Return of the 40-Hour Week | Business| Economy and finance news from a German perspective | DW | 08.03.2004
  1. Inhalt
  2. Navigation
  3. Weitere Inhalte
  4. Metanavigation
  5. Suche
  6. Choose from 30 Languages


Return of the 40-Hour Week

Following the lead of carmaker DaimlerChrysler, several large German companies are investigating allowing highly skilled employers to work longer than the standard 35-hour week.


R&D employees at some automakers will be spending more time on the job.

According to a poll by German business daily Handelsblatt, engineering giant Siemens, automaker Porsche and other well-known names of German industry are considering lengthening the work week for employees in research and development departments to 40 hours.

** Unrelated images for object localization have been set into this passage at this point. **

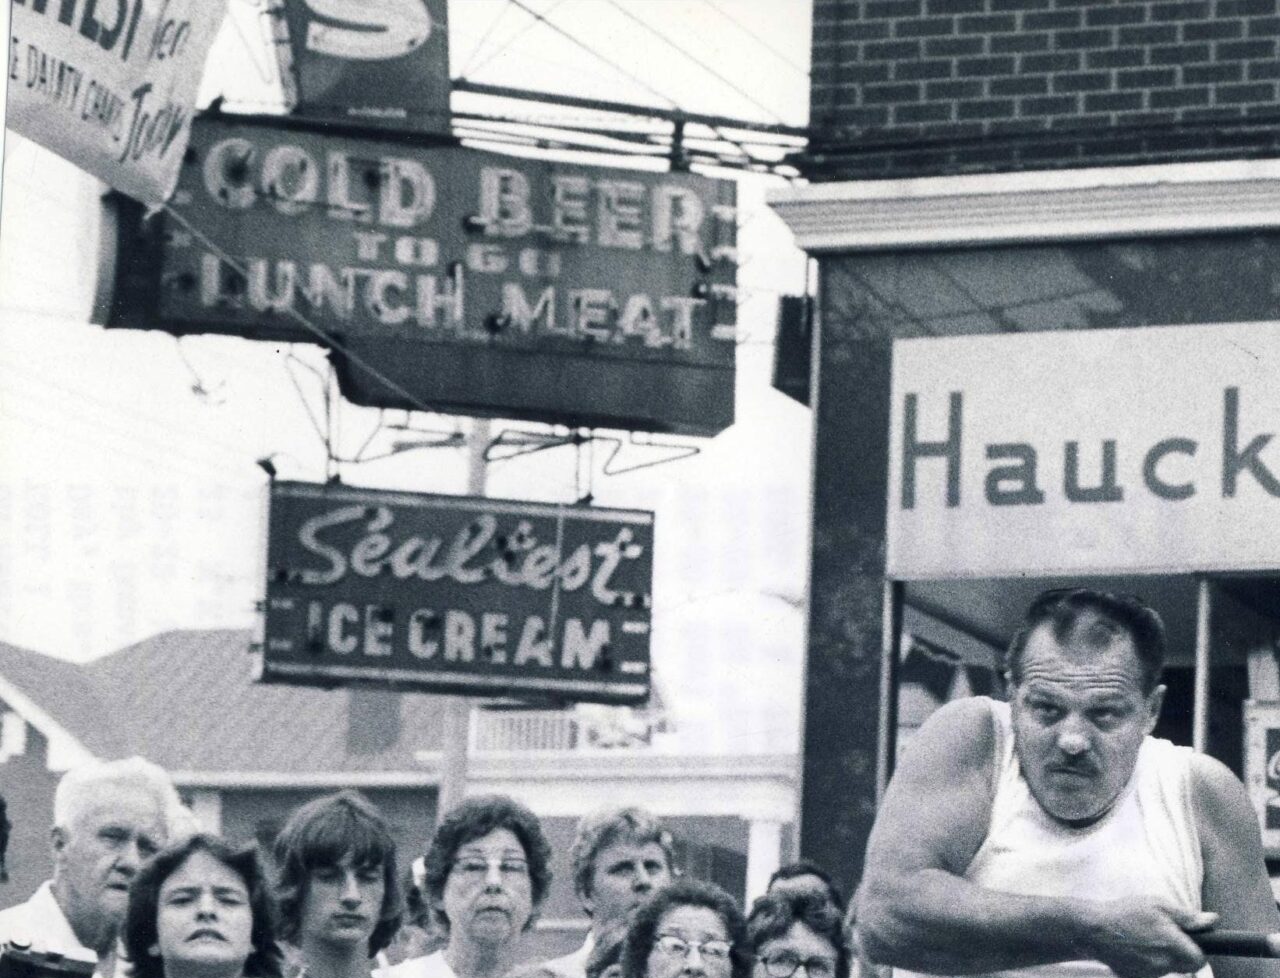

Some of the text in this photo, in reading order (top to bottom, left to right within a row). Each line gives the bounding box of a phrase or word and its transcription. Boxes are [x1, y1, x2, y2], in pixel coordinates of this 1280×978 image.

[203, 138, 704, 255] COLD BEER
[354, 231, 561, 277] TO GO
[202, 253, 707, 349] LUNCH MEAT
[307, 601, 611, 669] ICE CREAM
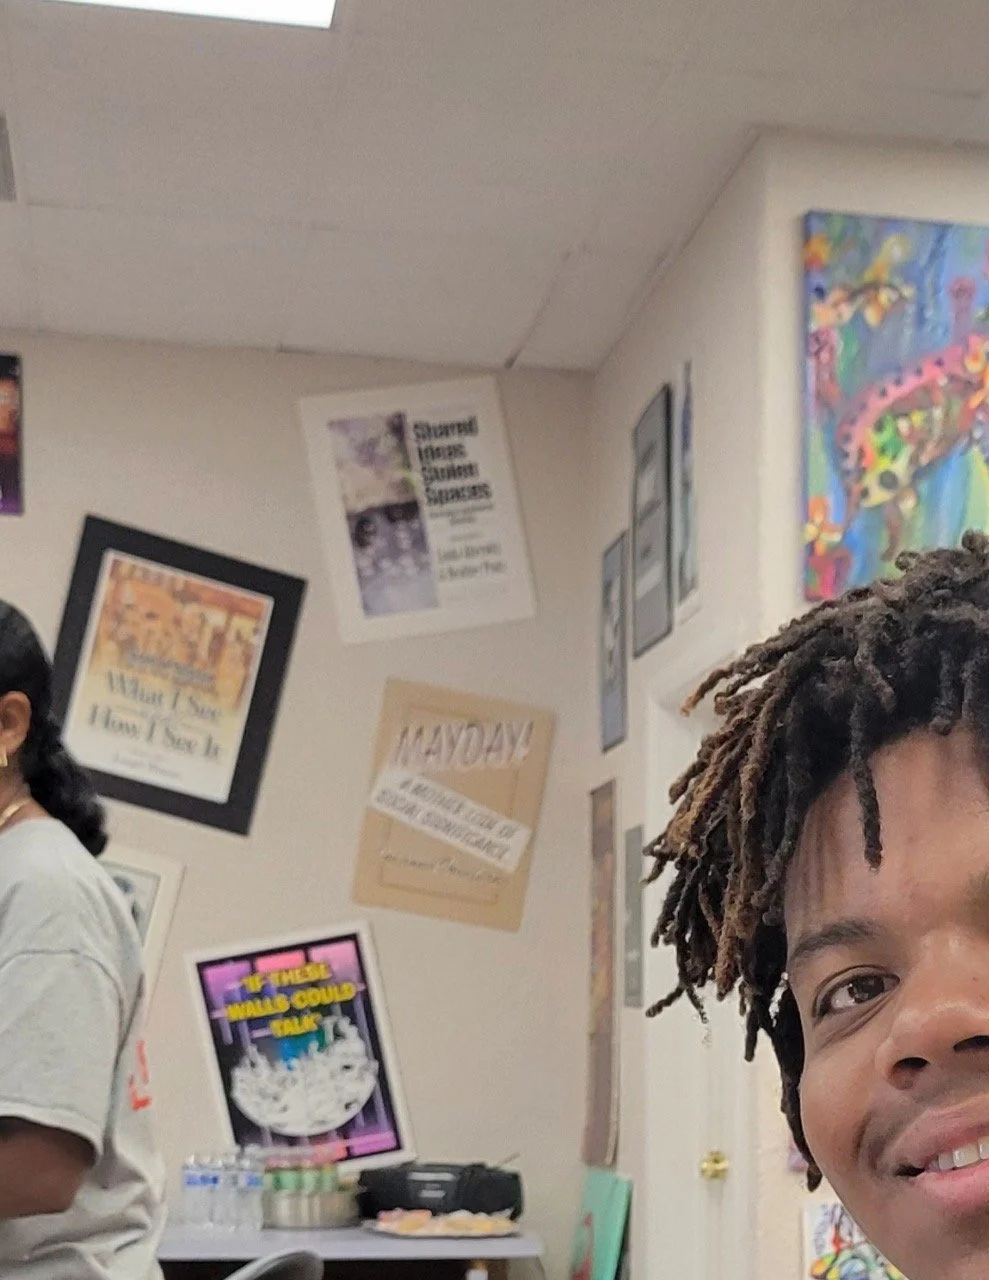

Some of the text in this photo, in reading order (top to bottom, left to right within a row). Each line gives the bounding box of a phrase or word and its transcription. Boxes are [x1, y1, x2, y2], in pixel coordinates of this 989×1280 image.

DaimlerChrysler was the first to announce it will take advantage of last month's new collective wage agreement reached between employers and the powerful IG Metall engineering and metal workers union that allows for the extension of working hours for some employees if the company's workers' council agrees to it.

Before the latest agreement, the standard working week was set at 35 hours and no more than 18 percent of employees could work an additional five hours a week.

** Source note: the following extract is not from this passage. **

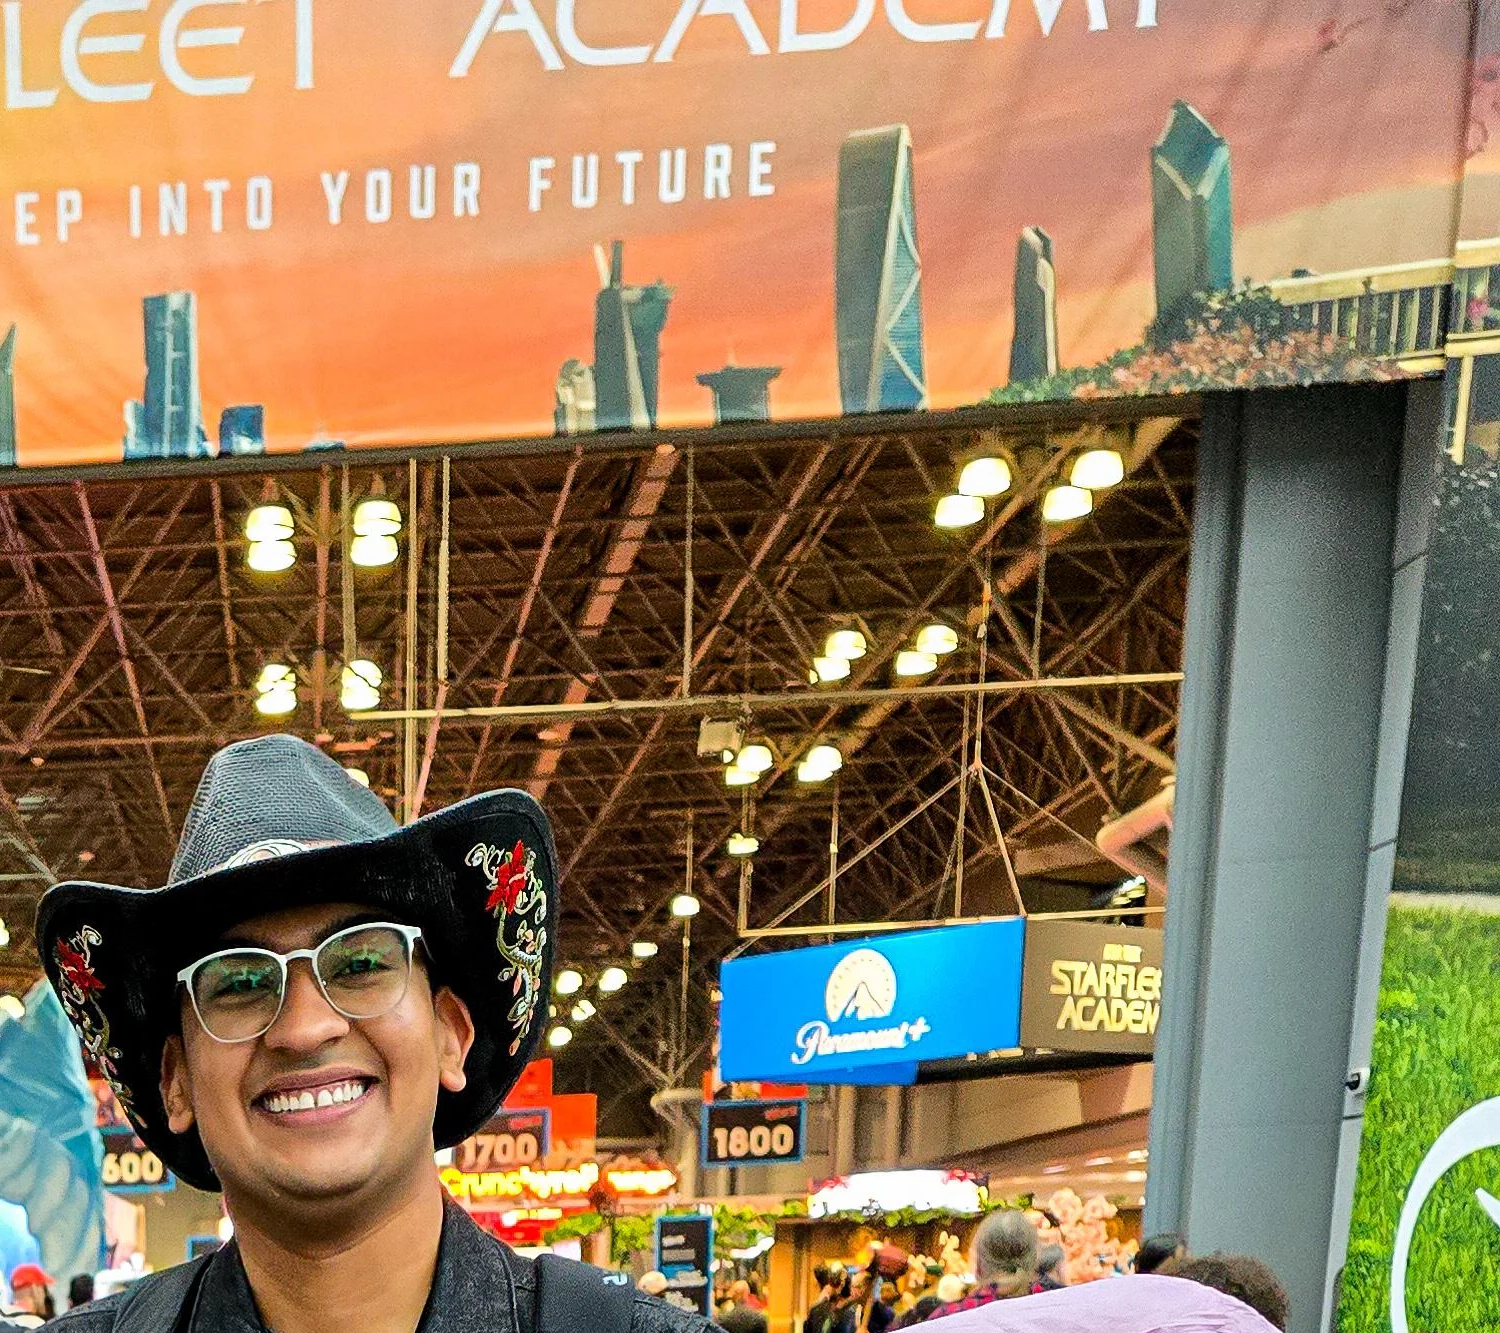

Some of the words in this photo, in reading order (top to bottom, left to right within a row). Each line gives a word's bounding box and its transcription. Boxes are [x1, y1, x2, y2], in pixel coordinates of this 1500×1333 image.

The current agreement allows that percentage to go up to 50 percent, provided that more than half of the total number of employees at a location are "especially qualified" and earn on average €4,500 ($5,566) per month. The extended hours must be accompanied by compensatory wage increases.

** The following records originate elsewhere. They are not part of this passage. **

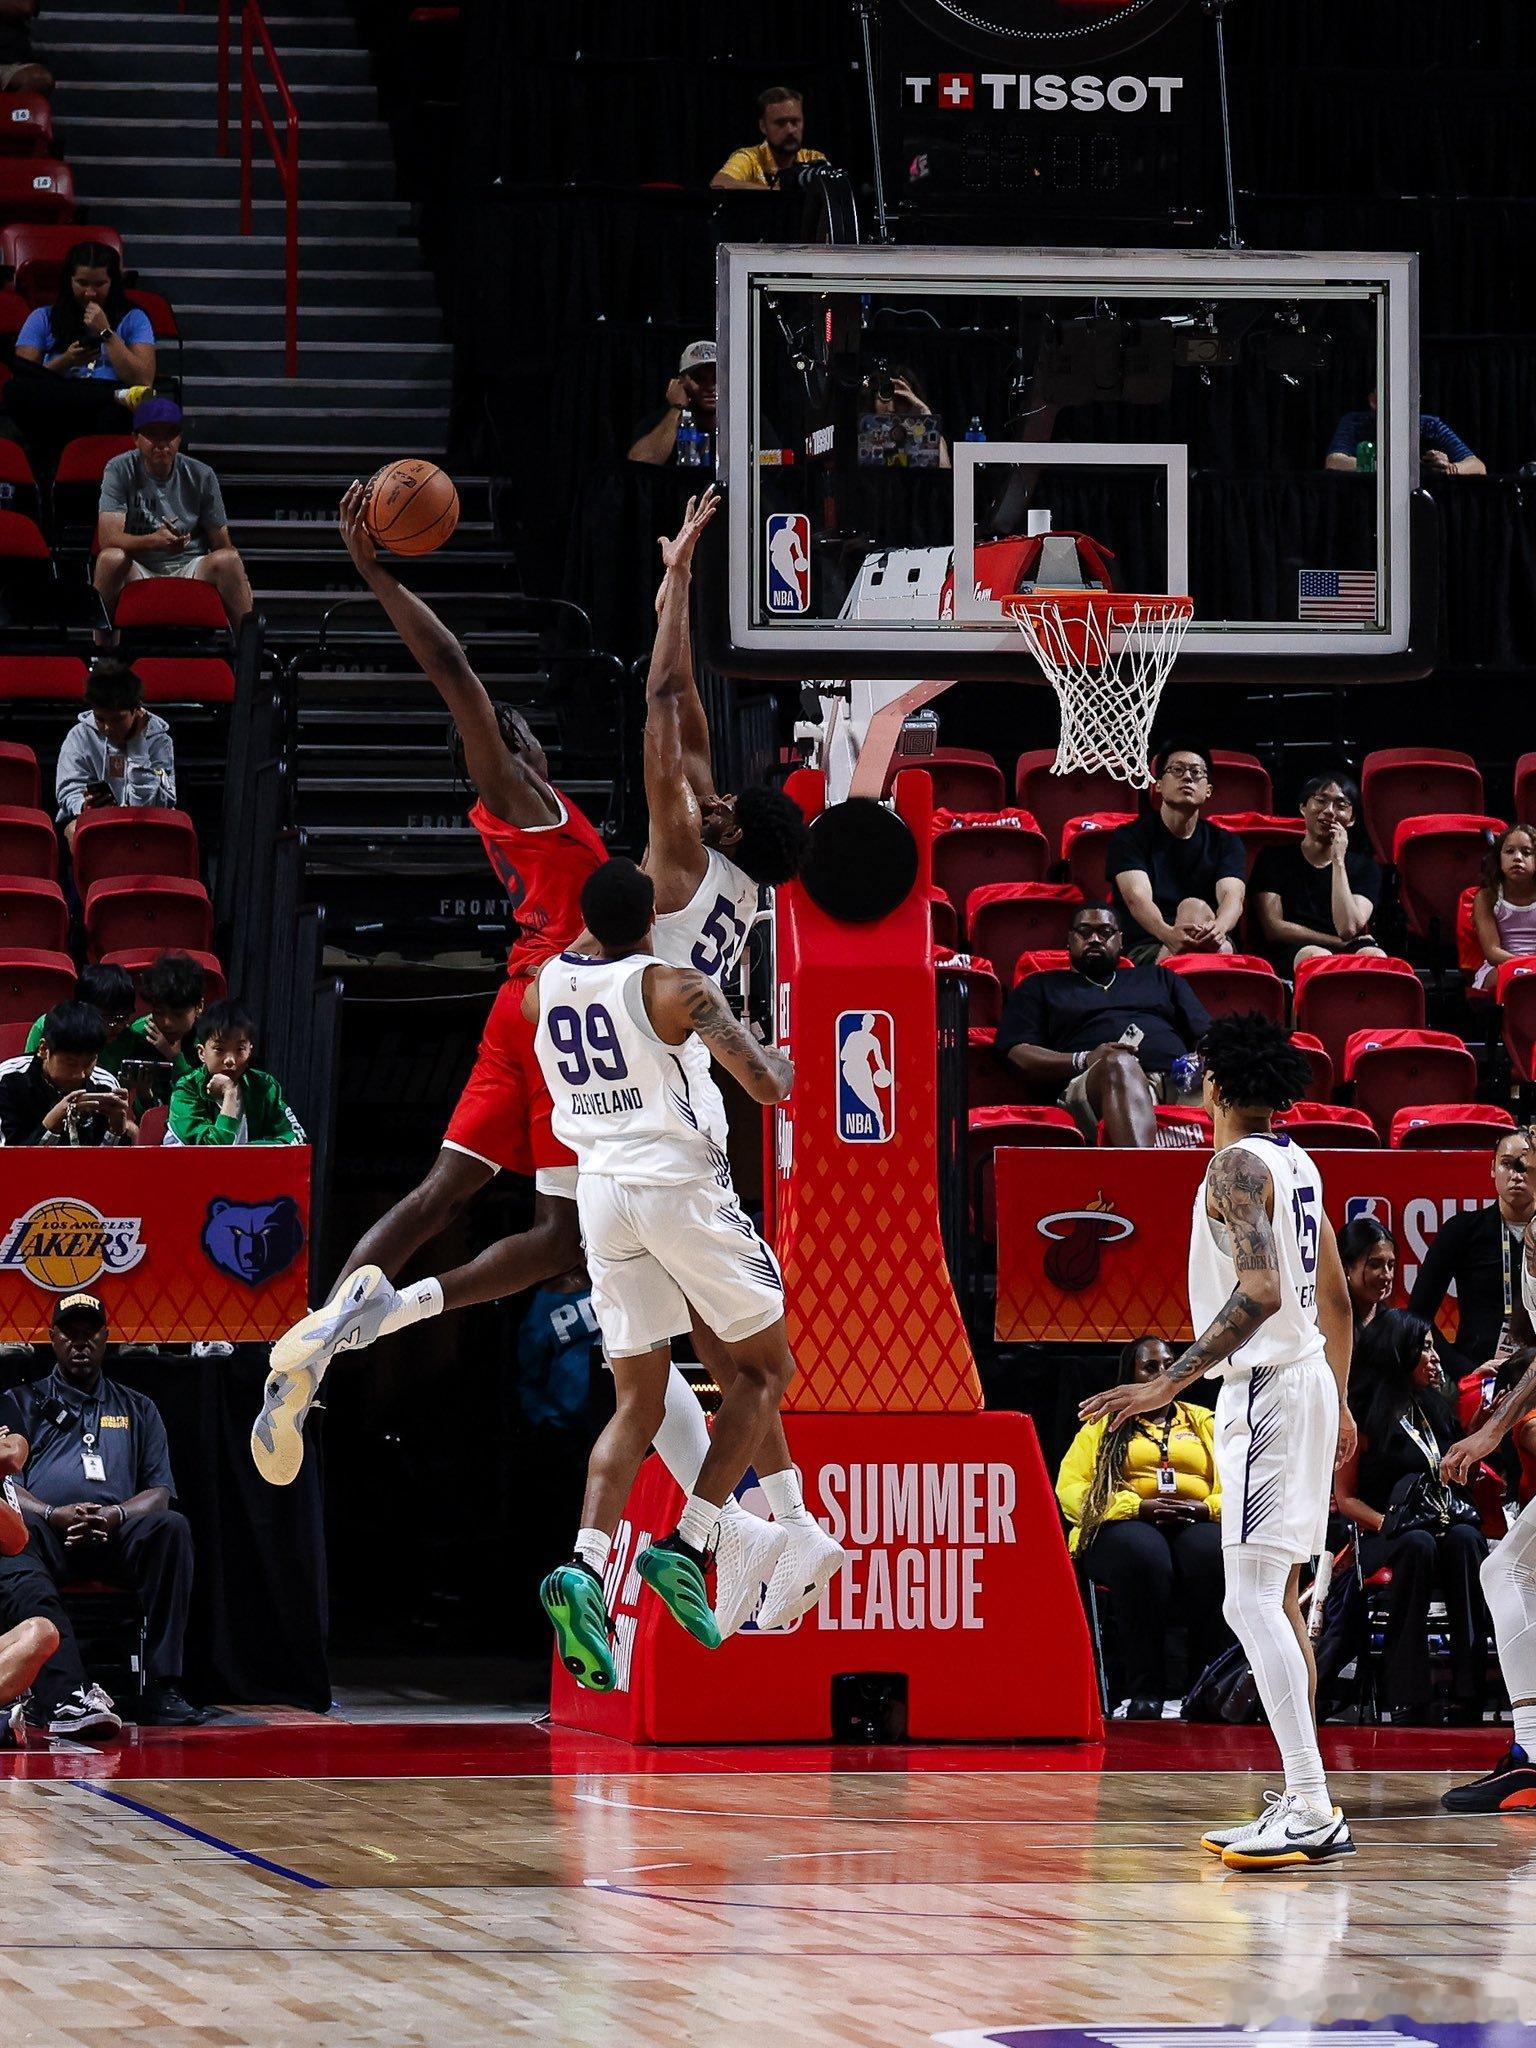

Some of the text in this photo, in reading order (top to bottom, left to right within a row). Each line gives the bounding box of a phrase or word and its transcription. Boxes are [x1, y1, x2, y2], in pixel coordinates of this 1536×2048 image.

[981, 74, 1184, 112] TISSOT
[773, 590, 794, 606] NBA
[440, 899, 512, 915] FRONT
[548, 1003, 628, 1085] 99
[571, 1087, 643, 1116] CLEVELAND
[845, 1113, 873, 1134] NBA
[1154, 1123, 1205, 1148] UMMER
[41, 1221, 136, 1229] LOS ANGELES
[1292, 1186, 1317, 1273] 15
[2, 1221, 140, 1268] LAKERS
[818, 1463, 1017, 1545] SUMMER
[818, 1548, 984, 1630] LEAGUE

In the town of Sindelfingen, near Stuttgart, DaimlerChrysler has its largest German facility, where some 10,000 of the 40,000 employees there work in development and production planning. DaimlerChrysler management has said it will apply for all of these highly skilled employers to add an extra five hours to their weekly time cards. The local worker's council has said it will agree to the request.

During the wage agreement talks last month, employers and the IG Metall union said the new rules would help secure existing jobs and create new ones.

Unions are showing more flexibility in labor agreements in the face of high unemployment. The jobless rate in Germany rose dramatically in February to a seasonally adjusted rate of 10.3 percent. Economists have welcomed the new agreement, saying it will improve the competitiveness of German companies.

Jumping on the bandwagon

Siemens is currently holding talks with its workers' council, hoping to follow Daimler's lead. The introduction of the 40-hour week will be decided at each plant location, as appropriate, according to a company spokesperson. No decisions have yet been reached.

Porsche has said it wants to extend the working week for 3,000 of its employees in its development center and plans on starting talks with its employees' councils in the near future. Company head Wendelin Wiedeking is expected to introduce a fourth series to the Porsche family, and a longer week would help with increased development needs.

Other companies related to the auto industry, have expressed interest in the expanded hours. Tire maker Continental and electronics company Bosch, both subcontractors to the auto industry, are considering asking some workers to put in more hours.

Some Bosch employees at research and development locations already work a longer week, thanks to a special agreement the company hammered out with IG Metall in 2002. A company spokesman said it will now look at extending workers' hours at other sites.